Sacramento, May 23, 2019 – The California Department of Tax and Fee Administration (CDTFA) reported revenue numbers today for cannabis sales for the 1st quarter of 2019. As of May 15, 2019, California’s cannabis excise tax generated $61.4 million in revenue reported on the 1st quarter 2019 returns due by April 30, 2019 and the cultivation tax generated $16.8 million.

Sales tax from cannabis businesses totaled $38.4 million in reported revenue for the same period.  Retail sales of medicinal cannabis and medicinal cannabis products are exempt from sales and use taxes when the purchaser provides a valid Medical Marijuana Identification card and valid government-issued identification card. Sales taxes apply to sales of cannabis and other tangible personal property.
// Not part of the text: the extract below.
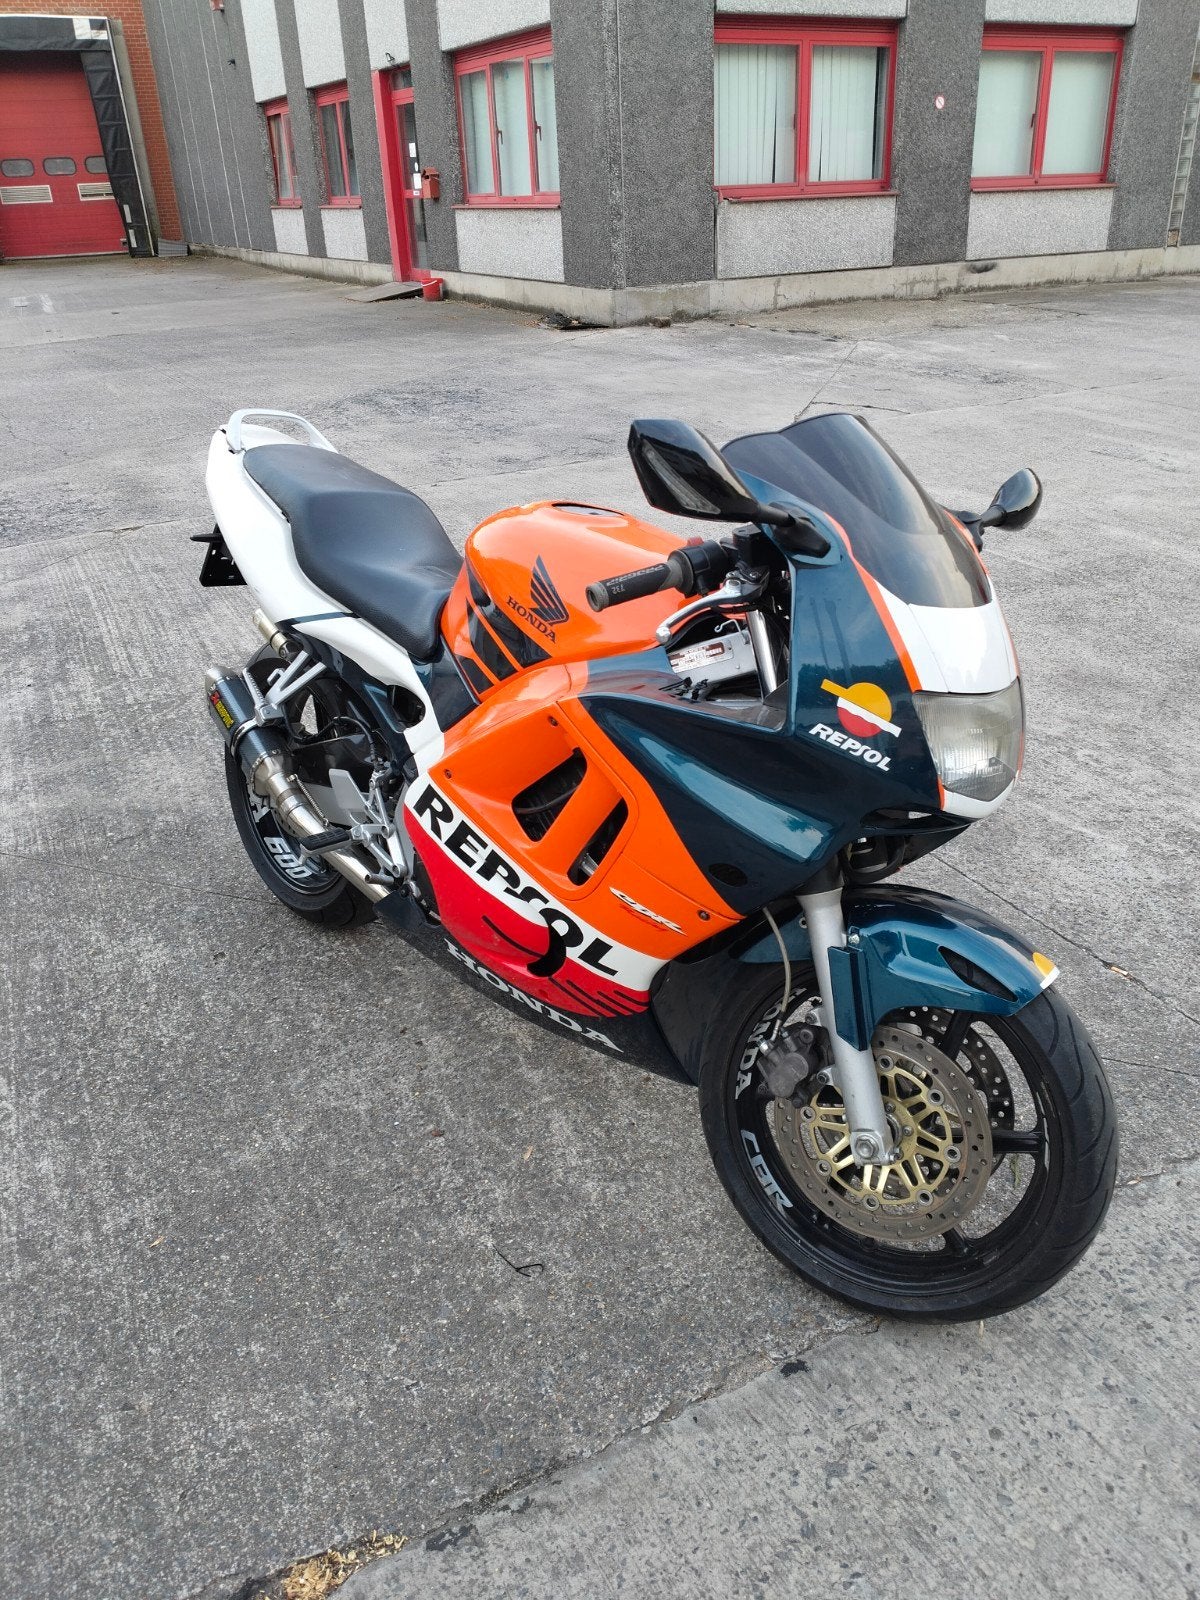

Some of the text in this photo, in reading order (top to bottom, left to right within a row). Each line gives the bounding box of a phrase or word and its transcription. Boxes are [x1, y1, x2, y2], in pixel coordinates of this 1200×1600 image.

Total tax revenue reported by the cannabis industry is $116.6 million for 1st quarter returns due by April 30, 2019. This does not include tax revenue collected by each jurisdiction.  Previously reported revenue for the 4th quarter 2018 returns was revised to $111.9 million, which included $55.6 million in excise tax, $17.2 million in cultivation tax, and $39.1 million in sales tax. Revisions to quarterly data are the result of amended and late returns, and other tax return adjustments.

In November 2016, California voters approved Proposition 64, the Control, Regulate, and Tax Adult Use of Marijuana Act. Beginning on January 1, 2018, two new cannabis taxes went into effect: a cultivation tax on all harvested cannabis that enters the commercial market and a 15 percent excise tax upon purchasers of cannabis and cannabis products. In addition, retail sales of cannabis and cannabis products are subject to state and local sales tax.
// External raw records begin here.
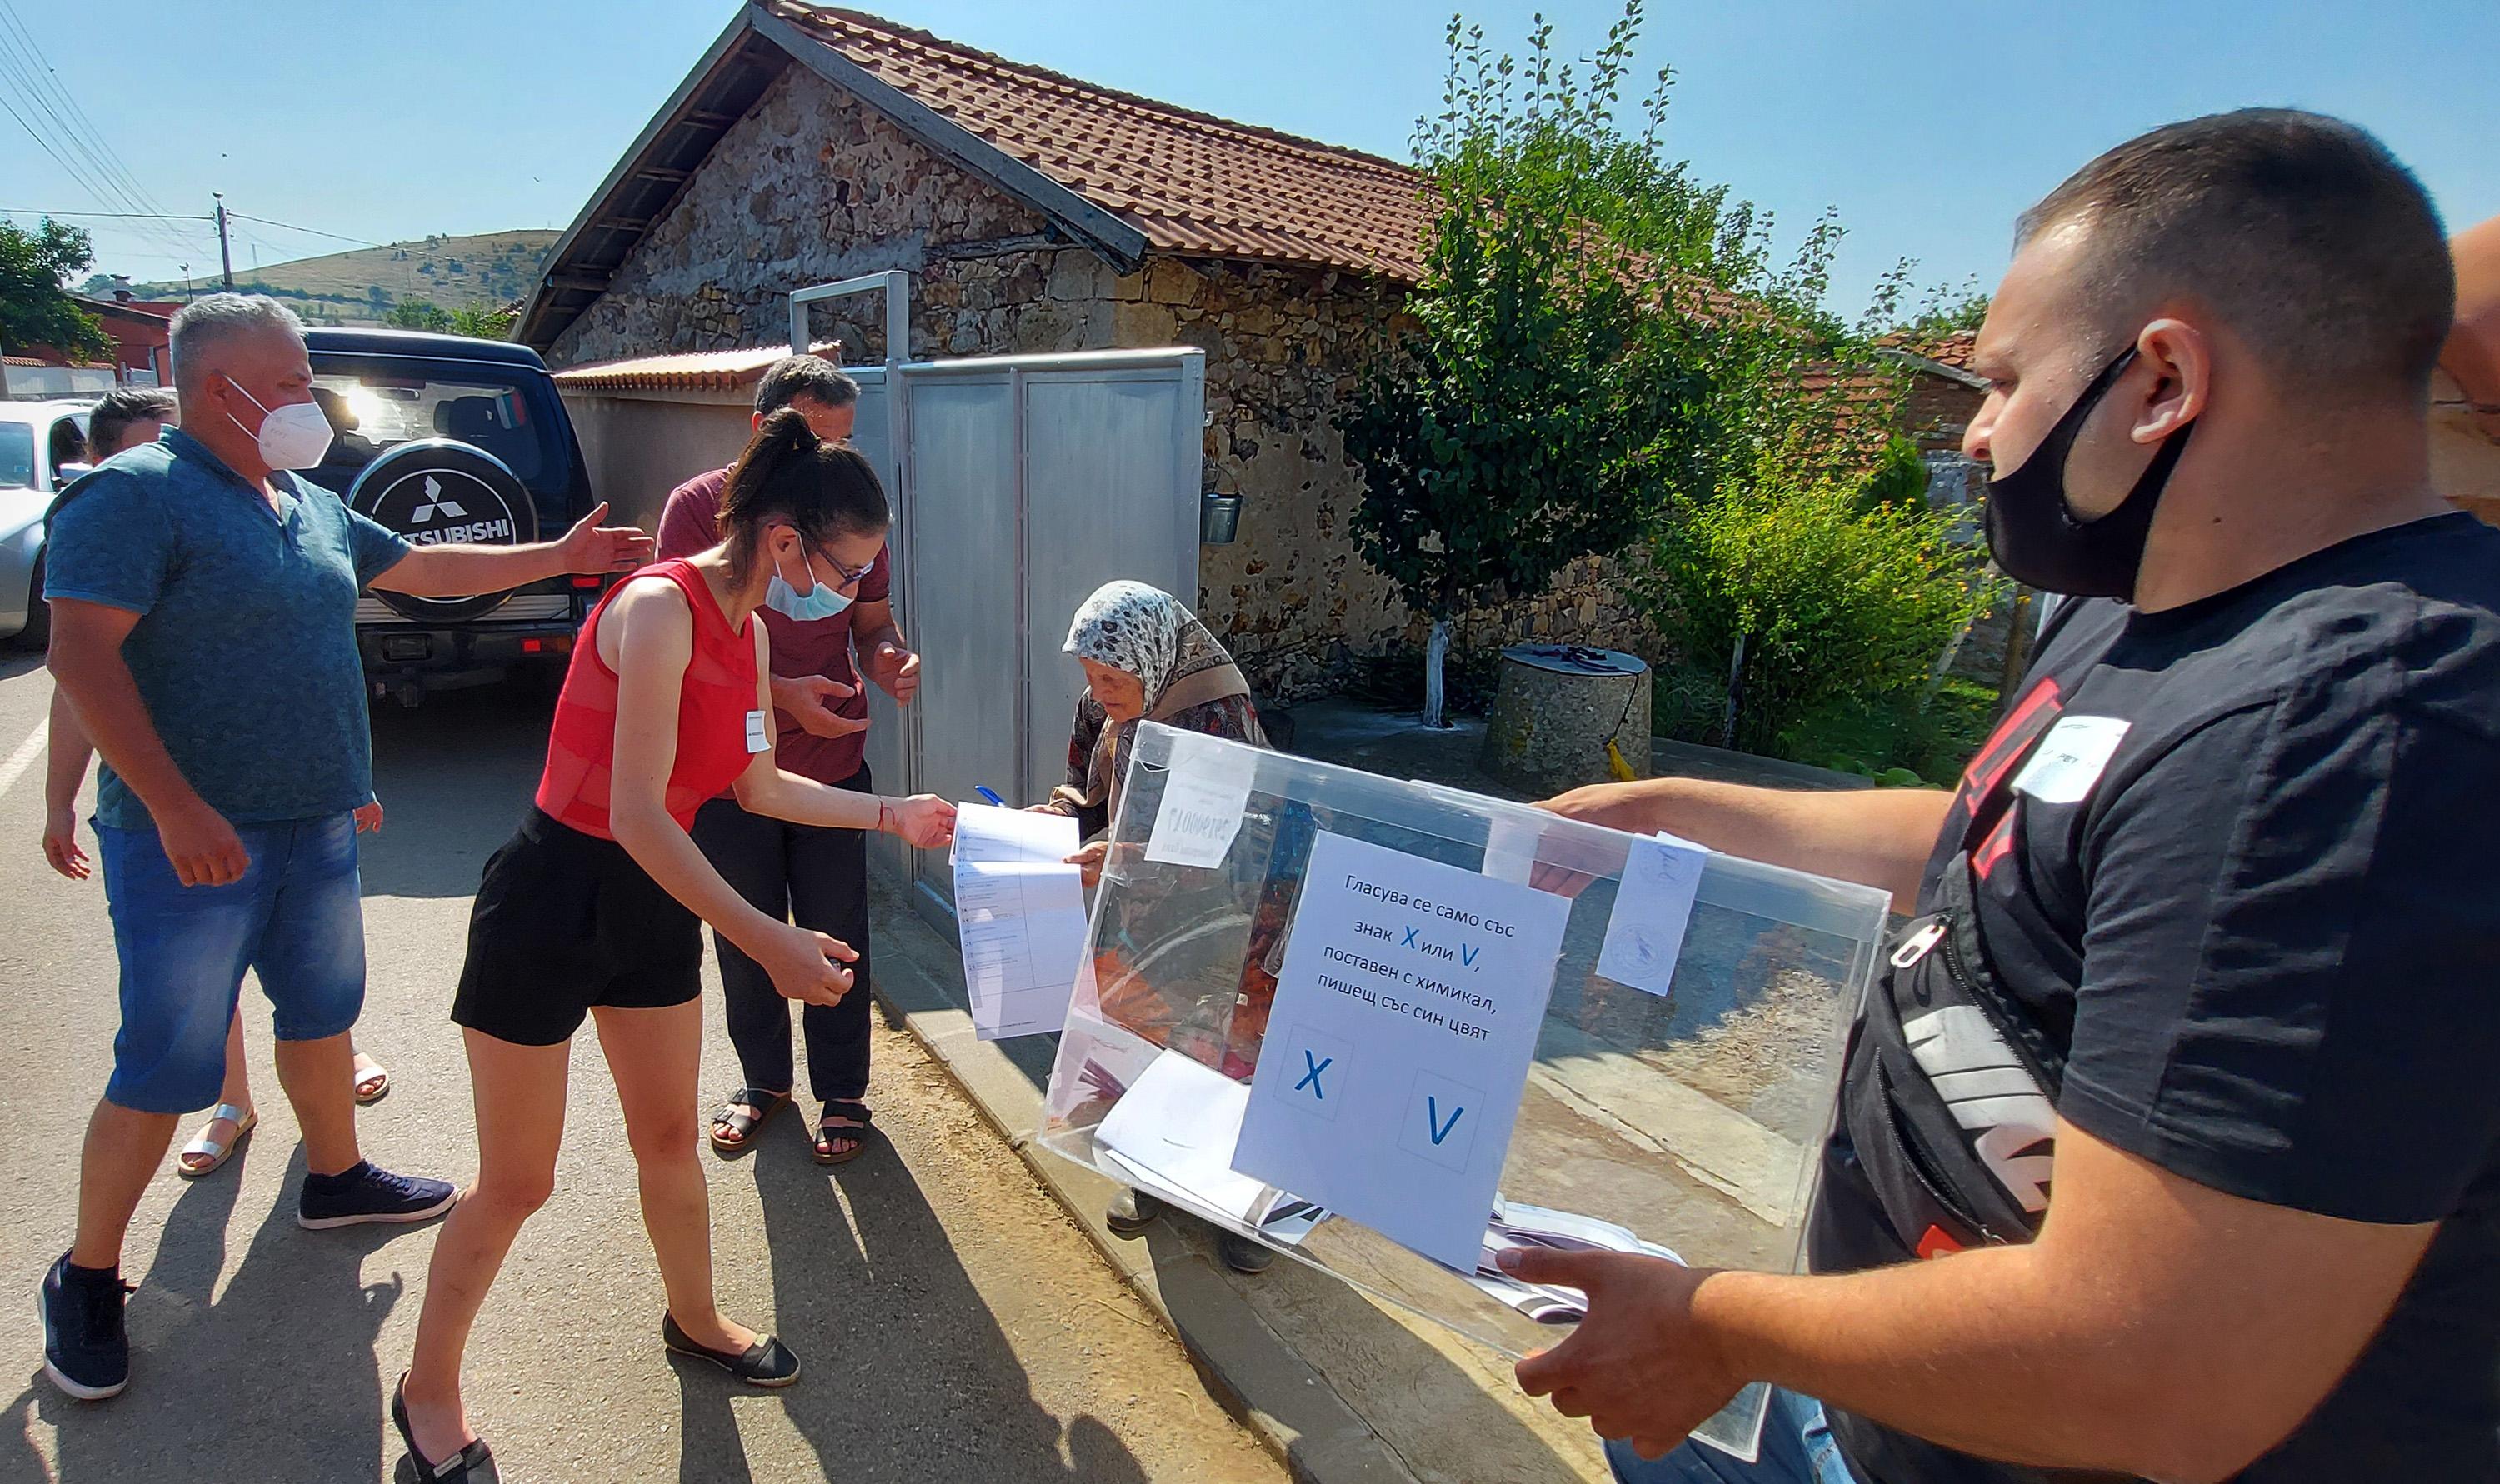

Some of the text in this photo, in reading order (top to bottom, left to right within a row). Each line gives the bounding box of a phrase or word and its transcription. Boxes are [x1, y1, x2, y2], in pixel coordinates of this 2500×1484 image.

[404, 519, 510, 546] TSUBISHI
[1344, 874, 1515, 937] Гласува се само със
[1353, 921, 1480, 972] знак X или V,
[1318, 974, 1490, 1042] пишещ със син цвят
[1323, 947, 1497, 1015] поставен с химикал,
[1294, 1049, 1464, 1145] X V
To learn more, visit the Tax Guide for Cannabis Businesses on the CDTFA website.

The California Department of Tax and Fee Administration (CDTFA) administers California’s sales and use, fuel, tobacco, alcohol, and cannabis taxes, as well as a variety of other taxes and fees that fund specific state programs. CDTFA-administered programs account for over 25 percent of all state revenue. California’s essential services, such as public safety, transportation, health, libraries, schools, social services, and natural resource management programs, are directly supported by these taxes and fees.